そのあと、手洗いから10分近く経って戻ってきたほたるの目元は赤くなっていた。
今まできつい態度をとられるたびに、こうやって人知れず泣いていたのかもしれない。
泣くほど辛いのに、なんでアイドルなんて続けようと思うんだ?
なんで辞めようと思わないんだ?
それを尋ねる気はおきず、気まずい空気のまま駐車場に向かった。
♦
時刻は 18 時を過ぎている。
トレーナーさんと今後の打ち合わせをしようと思っていたのだが、事務処理にだいぶ手間取ってしまい、予定よりもだいぶ遅くなってしまった。
レッスンルームの使用時間は原則 17 時までなので、もしかしたらもう帰ってしまっているかもしれない。
着くと俺の不安をよそに、レッスンルームの明かりはついていた。
よかった、どうやらまだ中にいるらしい。
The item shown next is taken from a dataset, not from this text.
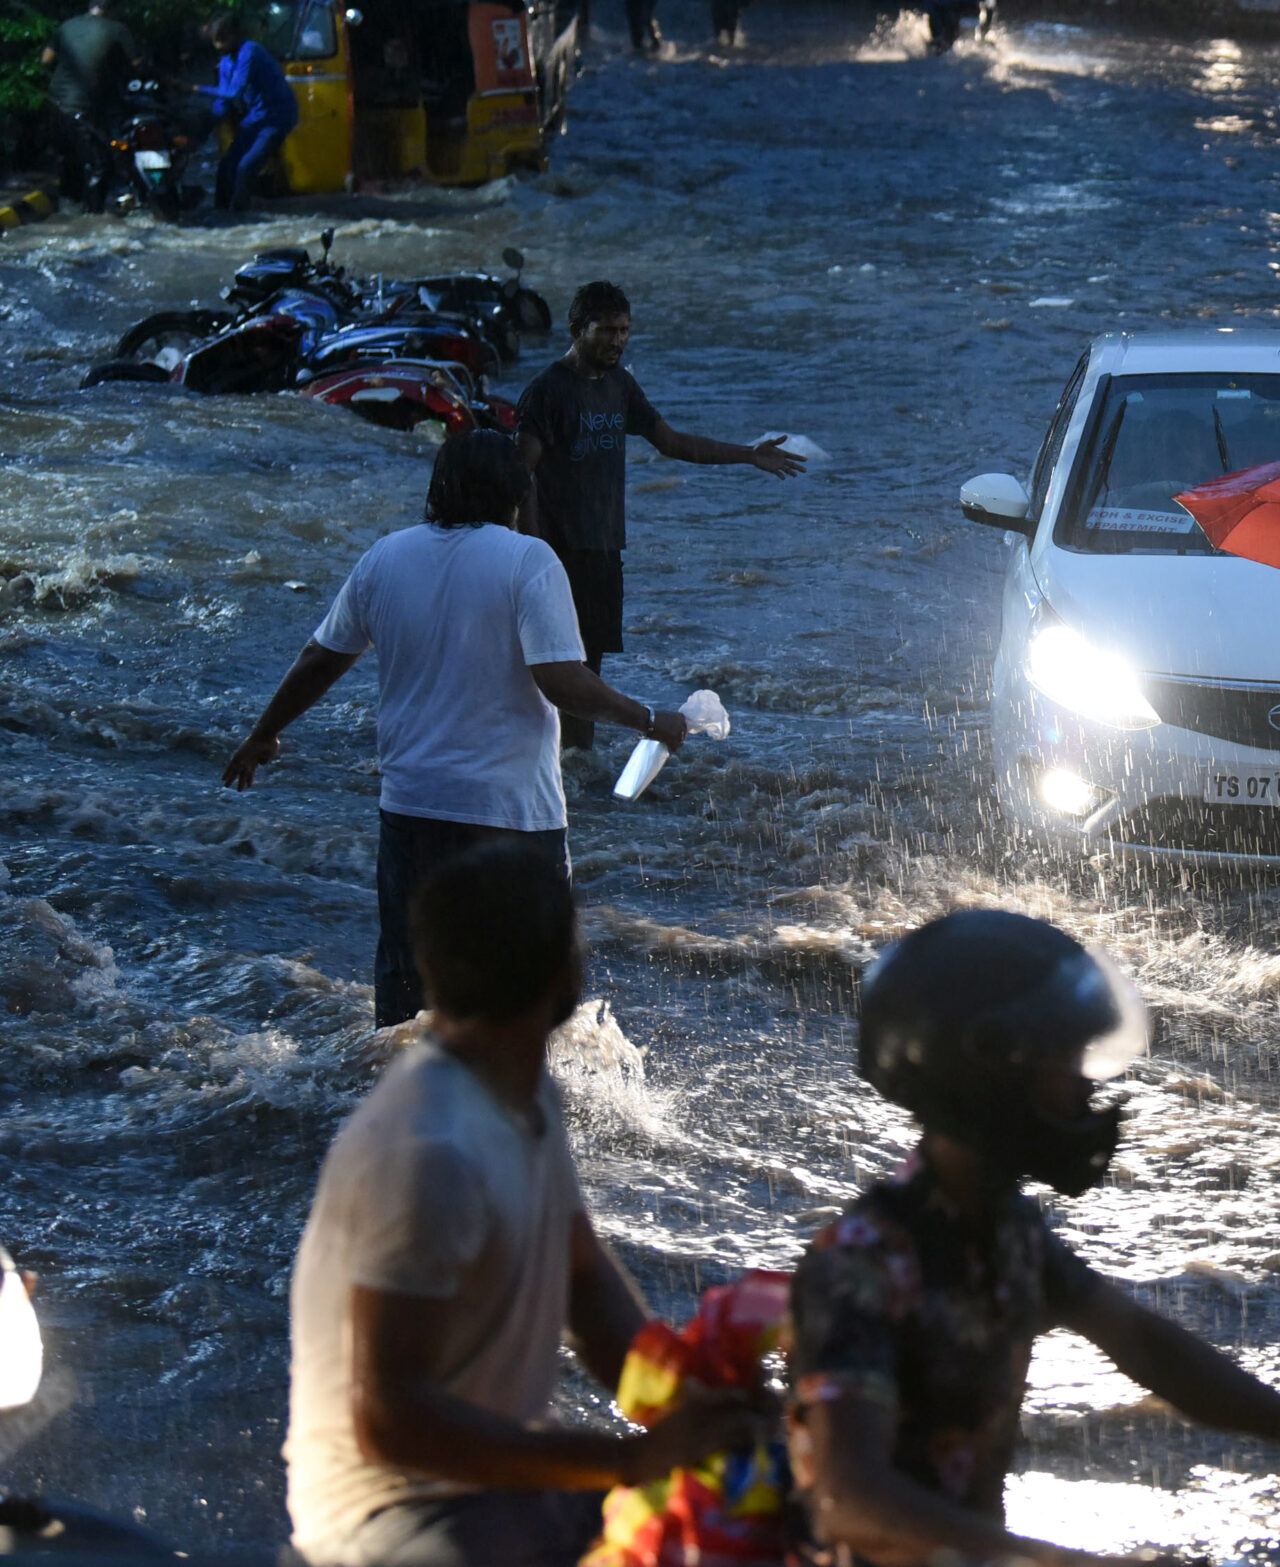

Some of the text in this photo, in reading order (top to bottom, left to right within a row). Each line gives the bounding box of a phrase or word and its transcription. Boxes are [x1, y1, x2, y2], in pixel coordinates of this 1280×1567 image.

ホッと息を吐きながら、部屋に入る。
しかし、そこにいたのはトレーナーさんではなく、
「ほたる、なにやってるんだ?」
他にだれもいないなか、ひたすらステップを踏んでいるほたるだった。
「あっ……お疲れ様ですプロデューサーさん」
「レッスンの時間はもう終わっているだろう。なんでまだここにいるんだ?」
「実は今日のレッスンでうまくいかなかったところがあって……お願いしてトレーナーさんが戻ってくるまでの間、居残りさせてもらったんです」
「プロデューサーはお仕事はできますけど、おもしろみのない人ですね。まるでマニュアル通りに動くロボットみたいです」
かつて担当していたアイドルにそう言われたことを思い出す。もう就業時間が過ぎたからと彼女のレッスンに付き合ってほしいという話を断ったときだった。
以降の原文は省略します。